То ли издевалась, то ли… Народ на площади действительно был в радостном предвкушении. Пробегали по толпе смешки, кое-где свист раздавался. Рок-концерт в «Олимпийском» за пять минут до начала. Один в один. Когда напряжение достигло предела, Элвис поднес золотой микрофон к губам, щелкнул по нему пальцами и сказал:
– Раз… раз… раз, два, три, раз.
Толпа взревела.
– Здравствуйте, друзья, здравствуйте, братья. Мужчины и женщины. Здравствуйте, дети – наше будущее. Здравствуйте все!
– А-а-а-а-а-а-а!!! – завопила толпа, засвистела, заулюлюкала, руки вверх вскинула.

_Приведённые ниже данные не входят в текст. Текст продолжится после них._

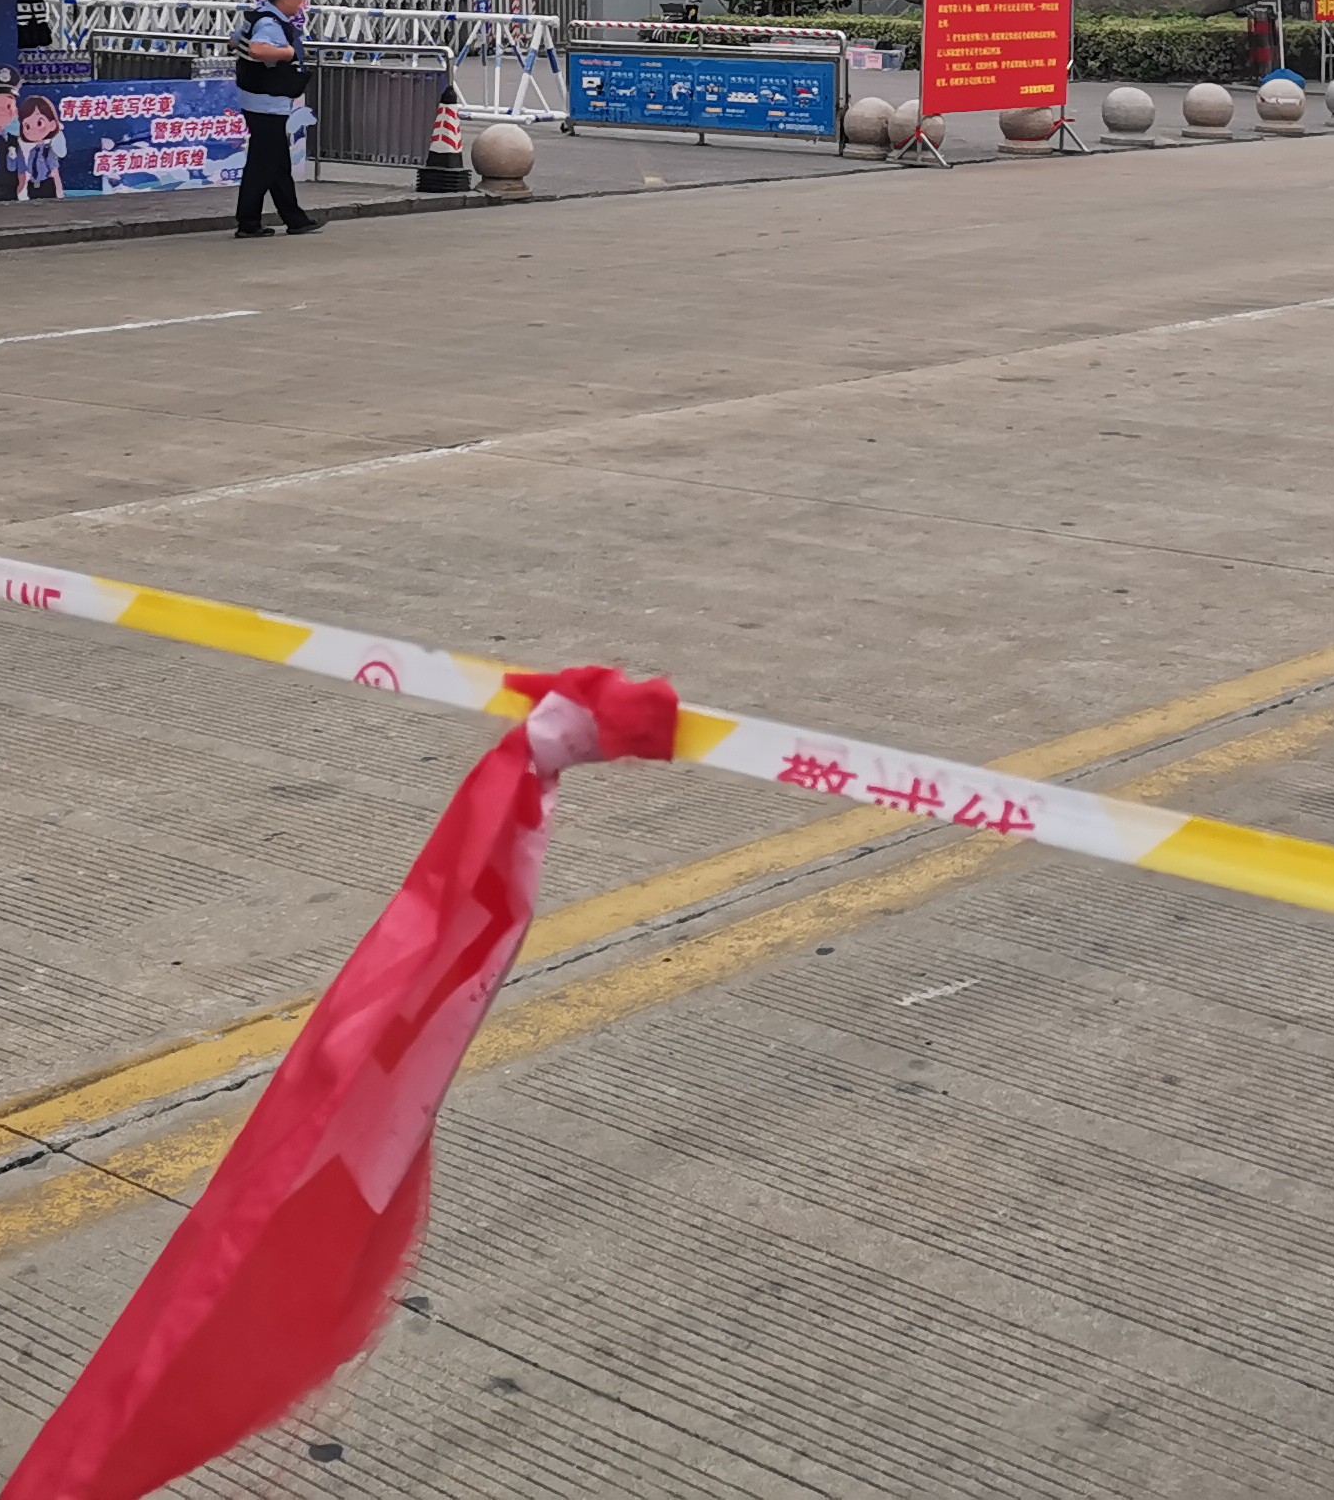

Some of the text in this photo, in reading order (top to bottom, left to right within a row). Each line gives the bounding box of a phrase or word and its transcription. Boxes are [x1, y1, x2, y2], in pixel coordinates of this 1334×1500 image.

[61, 95, 174, 119] 青春执笔写华章
[96, 150, 205, 173] 高考加油创辉煌
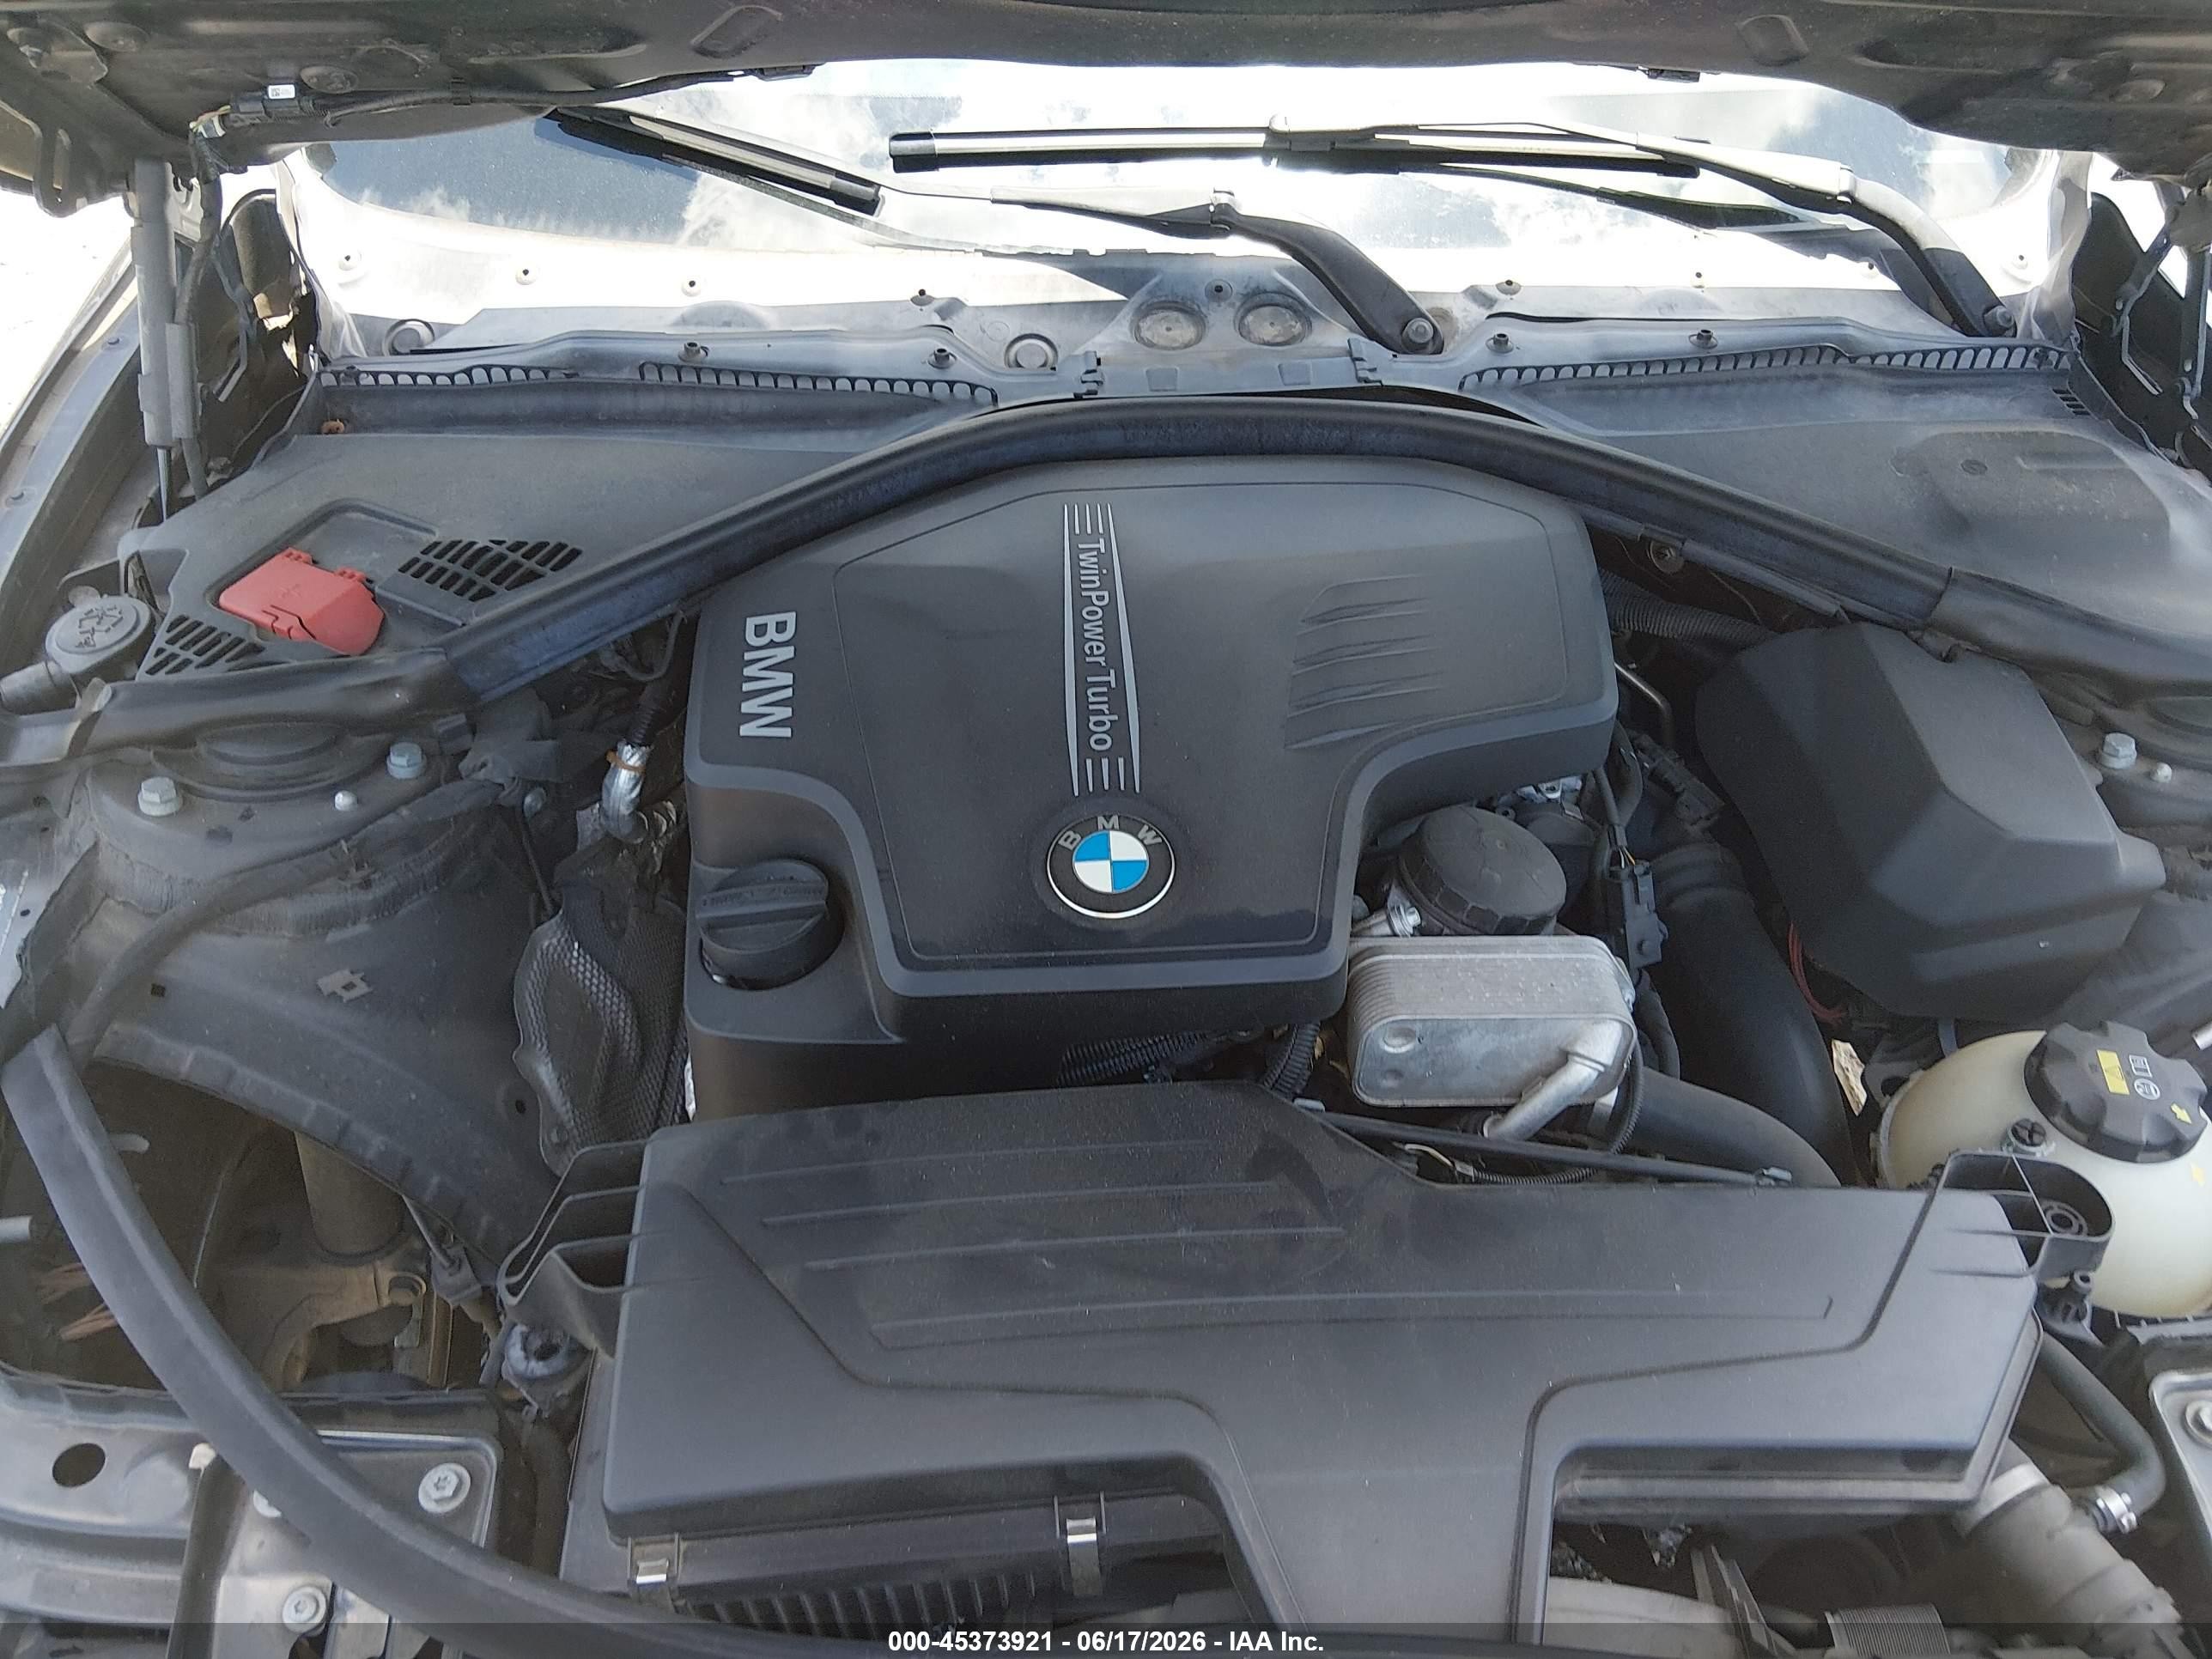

– Мы собрались здесь, – продолжил он, – в этот прекрасный воскресный полдень ради очень важной вещи. Для чего мы здесь собрались?
– Для справедливости! – нестройно ответила площадь.
– Для чего, я не слышу?
– Для спра-вед-ли-вос-ти! – проскандировала толпа оглушительно.
– Да. Хвала Великому Нечто. Да! Для справедливости. Справедливость – это очень важное понятие. А для вас, миниумов, – самое важное. Чем меньше ум, тем больше он жаждет справедливости. И я вам дам ее. Вы хотите справедливости?
– Да-а-а-а!
– Я не слышу. Вы хотите справедливости?
– Да-а-а-а-а-а-а-а-а-а!!!
– Теперь слышу. И вы правы. Справедливость – это круто. Но что такое справедливость? Когда-то давно люди думали, что все равны. Что, когда поровну, тогда и справедливость. Хвала Великому Нечто, те времена прошли. Братья, посмотрите друг на друга. Посмотрите внимательно. Вы похожи, но вы не одинаковы. Один выше, другой ниже, один старый, другой молодой, один сильный, а другой немощный. Даже вы не одинаковы. Посмотрите и на меня, братья. Я не похож на вас. Я умный, успешный, здоровый. Я среднеклассик, в конце концов, и имею все шансы стать пробабленным. А вы… вы сами знаете, кто вы… Вы знаете, кто вы?
– Да-а-а!
– Скажите мне, кто вы?
– Ми-ни-у-мы!
– Я не слышу, кто?
– Ми-ни-у-мы, мы ми-ни-у-мы, ми-ни-у-мы, ни-у-мы-ни-у-мы мы-ы-ы-ы!!!!!!!!!!
Толпа зашлась в припадке коллективного оргазма. Лица людей покраснели от натуги. У некоторых из глаз хлынули слезы. Элвис опустил золотой микрофон, выждал полминуты, пока люди не выдохлись, и продолжил:
– Да, вы миниумы. Так распрядилась судьба и Великое Нечто. Любой может стать миниумом. Даже пробабленный. И вы знаете такие случаи. Быть миниумом это неприятно. Согласен. Это трудно. Это не почетно. Я согласен, я не спорю. Но в этом нет ничего зазорного. Быть травой или деревом – тоже не сахар. Но деревья не ропщут, трава не шумит и не требует справедливости. А мы требуем! Потому что мы – люди. Даже вы люди, и у вас есть… у вас есть… Что у вас есть?